TASK INSTRUCTIONS: Make an exact copy of the lines below.

Dataset entries
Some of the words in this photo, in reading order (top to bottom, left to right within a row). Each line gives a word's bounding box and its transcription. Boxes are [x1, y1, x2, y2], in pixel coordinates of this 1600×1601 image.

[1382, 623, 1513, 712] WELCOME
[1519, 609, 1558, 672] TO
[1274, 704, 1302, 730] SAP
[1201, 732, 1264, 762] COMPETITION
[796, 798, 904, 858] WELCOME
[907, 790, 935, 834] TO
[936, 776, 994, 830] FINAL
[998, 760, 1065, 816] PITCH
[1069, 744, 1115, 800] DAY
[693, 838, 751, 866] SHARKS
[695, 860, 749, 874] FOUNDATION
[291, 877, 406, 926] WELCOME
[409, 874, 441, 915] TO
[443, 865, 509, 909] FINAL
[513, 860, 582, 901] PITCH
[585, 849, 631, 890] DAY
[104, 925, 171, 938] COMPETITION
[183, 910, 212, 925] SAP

ANSWER SECTION:
Some of the words in this photo, in reading order (top to bottom, left to right within a row). Each line gives a word's bounding box and its transcription. Boxes are [x1, y1, x2, y2], in pixel coordinates of this 1600×1601 image.

[1382, 623, 1513, 712] WELCOME
[1519, 609, 1558, 672] TO
[1274, 704, 1302, 730] SAP
[1201, 732, 1264, 762] COMPETITION
[796, 798, 904, 858] WELCOME
[907, 790, 935, 834] TO
[936, 776, 994, 830] FINAL
[998, 760, 1065, 816] PITCH
[1069, 744, 1115, 800] DAY
[693, 838, 751, 866] SHARKS
[695, 860, 749, 874] FOUNDATION
[291, 877, 406, 926] WELCOME
[409, 874, 441, 915] TO
[443, 865, 509, 909] FINAL
[513, 860, 582, 901] PITCH
[585, 849, 631, 890] DAY
[104, 925, 171, 938] COMPETITION
[183, 910, 212, 925] SAP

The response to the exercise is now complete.